On the other hand, he argues that since the Iranian tradition has failed to reproduce itself and represent new elements, he proposes a theory for social transition, asserting that the path to democracy in Iran, which is unfolding, involves the transformation of the traditional subject for a transition to modernity. This transformation is not abrupt but occurs gradually, manifested as a spectrum of individuals transitioning as a result of the revolution in communications and the internet, as well as the connection of Iranians with the Western world. He posits that the gradual transformation of traditionalists and the emergence from the intertwining of two paradigms toward modernity in the social sphere will take at least two generations (since 2014).

He believes that the current regime in Iran is the last ideological system that can exist in the country, and that the political-social systems of modernity and the subjects within them are not constructed from a single ideology or behaviors derived from it.

=== Democracy and Its Relationship with Islam and Shia Religion ===
Hatem Ghaderi, in various articles and interviews, points out the inconsistency between Shia political thought and the type of democracy he envisions, highlighting two main issues. The first relates to the Shia belief in divine light and illumination, based on a narration from Ali ibn Abi Talib, the first Imam of Shia Islam. According to Ghaderi, this belief conflicts with the principles of democracy and the rights of Shia Muslims and other Muslims in relation to non-believers or adherents of other religions and sects, which may undermine the concept of equality of rights (civil rights) in a democratic context.

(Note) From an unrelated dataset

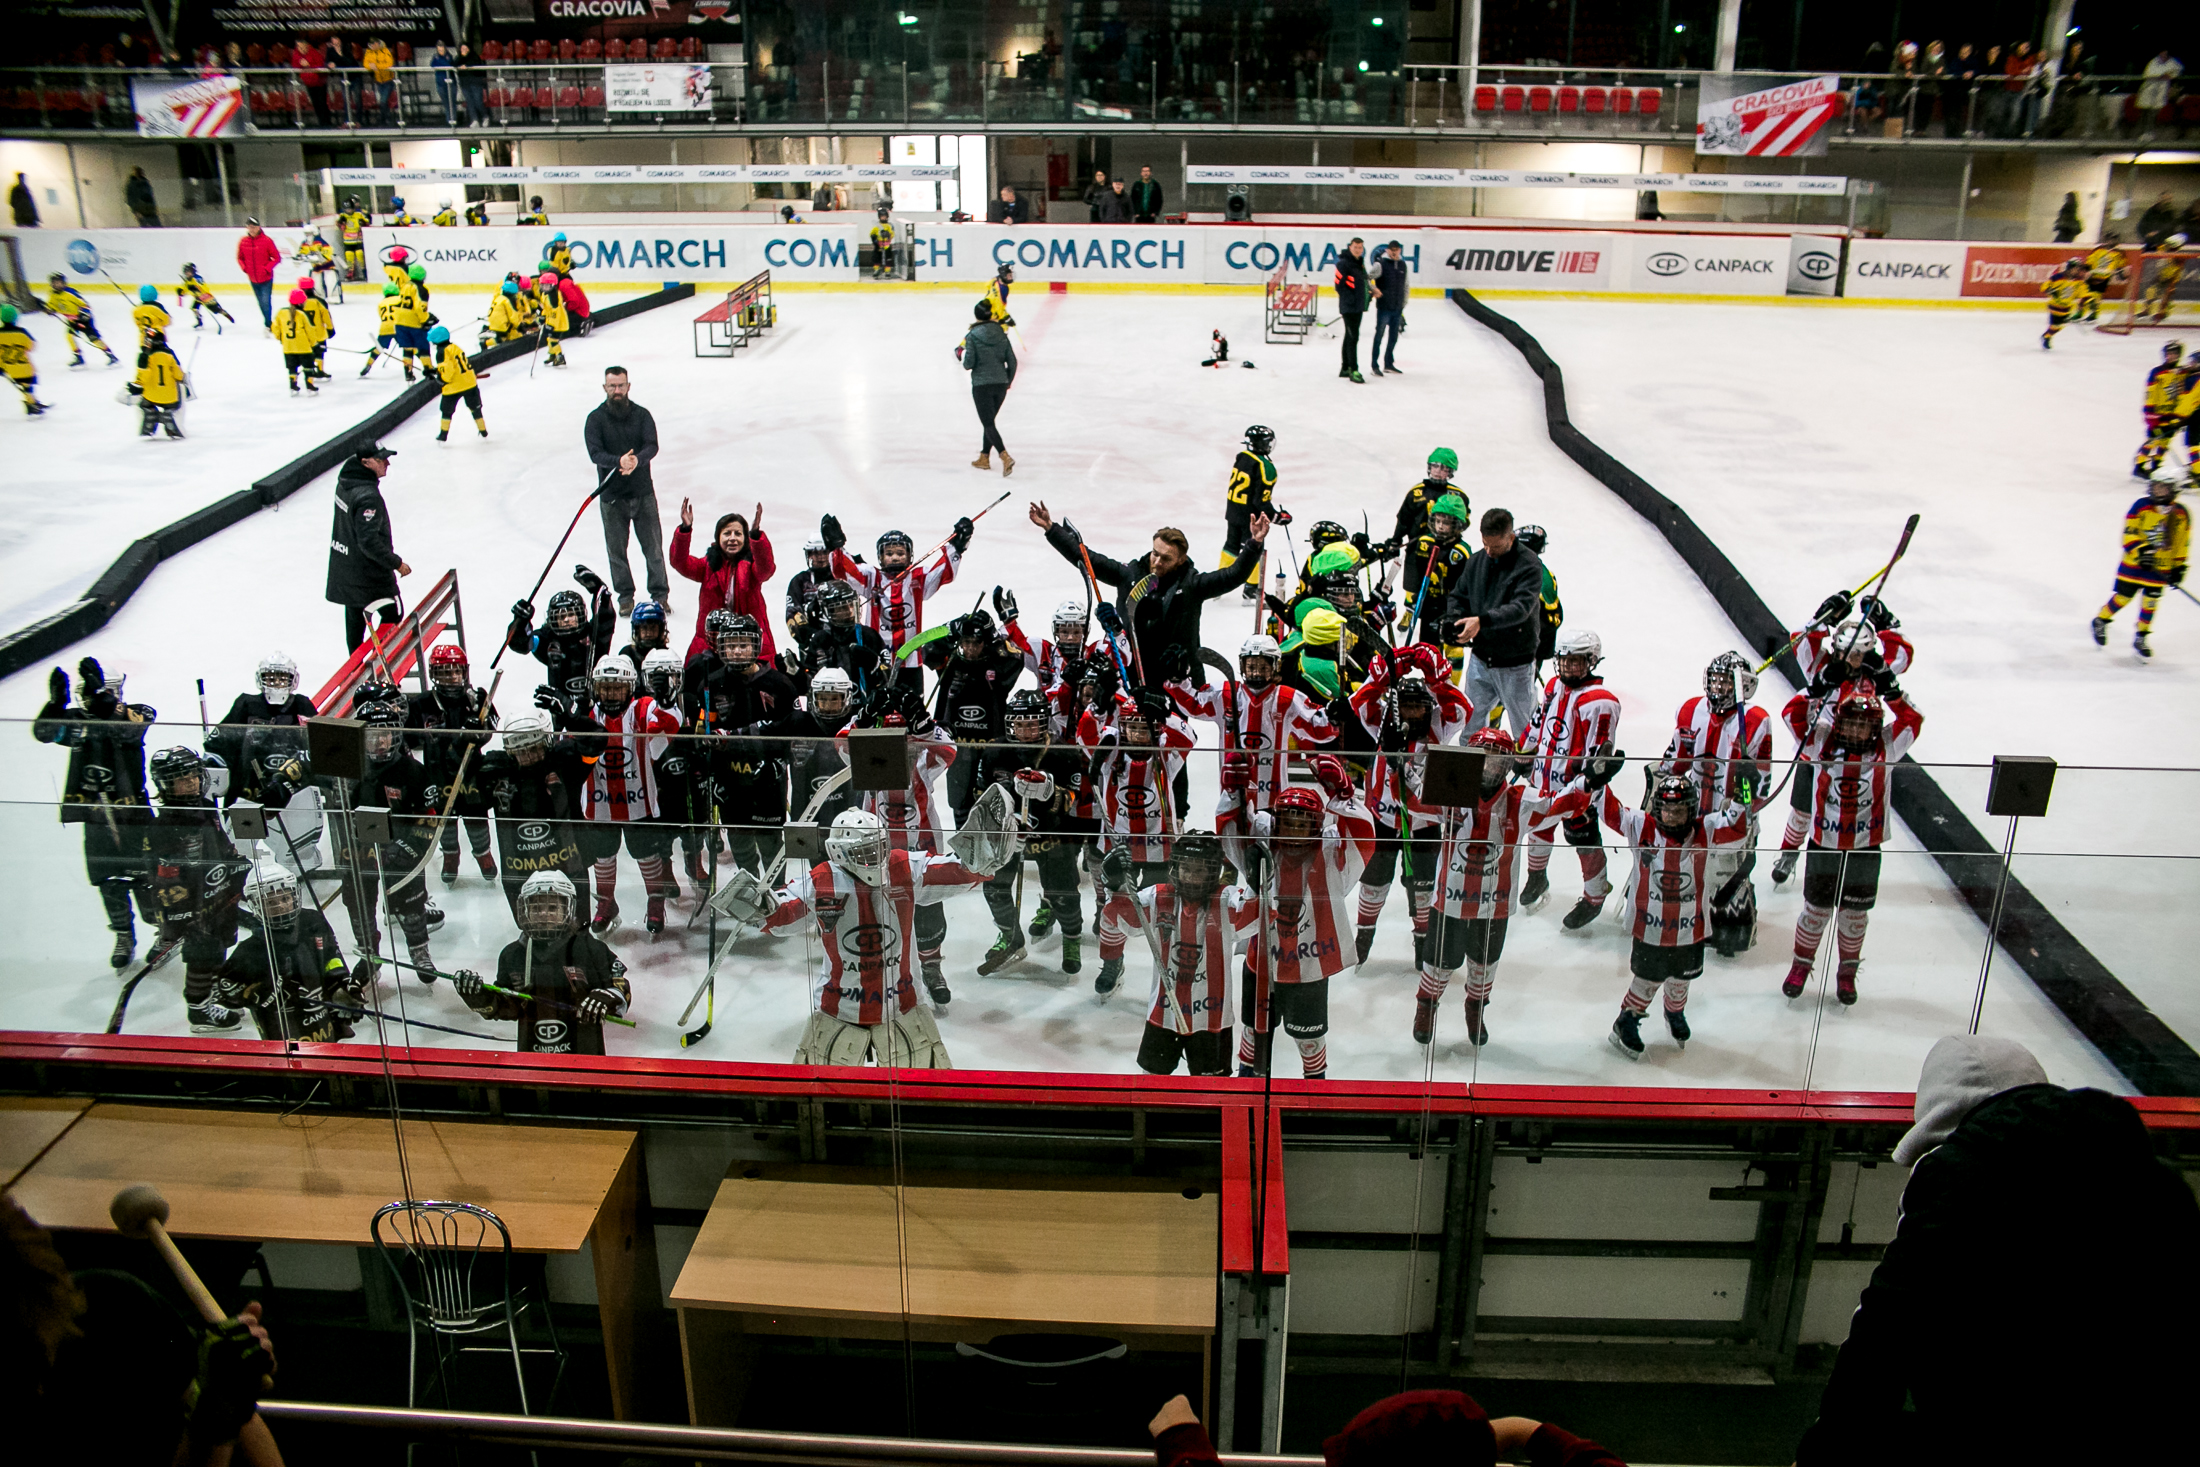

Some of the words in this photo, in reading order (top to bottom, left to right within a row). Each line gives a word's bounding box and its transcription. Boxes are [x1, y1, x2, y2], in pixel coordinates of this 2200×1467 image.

The second issue concerns leadership. Ghaderi argues that the principle of Imamate, as a cornerstone of Shia political thought, may inherently introduce a form of authoritarianism that does not align with democratic principles. Similarly, he views Islam as possessing characteristics that are incompatible with democracy. To address this inadequacy, he proposes the development of a model of religious thought he calls political and social theology, which should be based on a philosophical perspective rather than solely relying on the texts of verses and narrations. For instance, in this political theology, revelation is viewed as a matter of interpretation rather than merely a report.

==== Arbaeen Pilgrimage ====
He believes that the Iranian Islamic regime is fraught with numerous conflicts and even contradictions. One example he cites is when the government calls for an increase in production while simultaneously encouraging people to participate in the Arbaeen pilgrimage. As a result of this pilgrimage, millions of Iranians are taken out of the production cycle and travel to Iraq.

==== Gaza War and the Plight of Palestinians ====
According to Ghaderi, the events that have occurred in Gaza and Palestine are primarily the fault of Iran, Hamas, and Israel, rather than just Israel. He states that despite the solidarity that some factions on the Iranian left still feel for Palestine, after 40 years, Iran has only built missiles and tunnels in Gaza. As a result, he argues, Iran's management of Gaza has not led to a transformation akin to that of Singapore, Hong Kong, or Silicon Valley.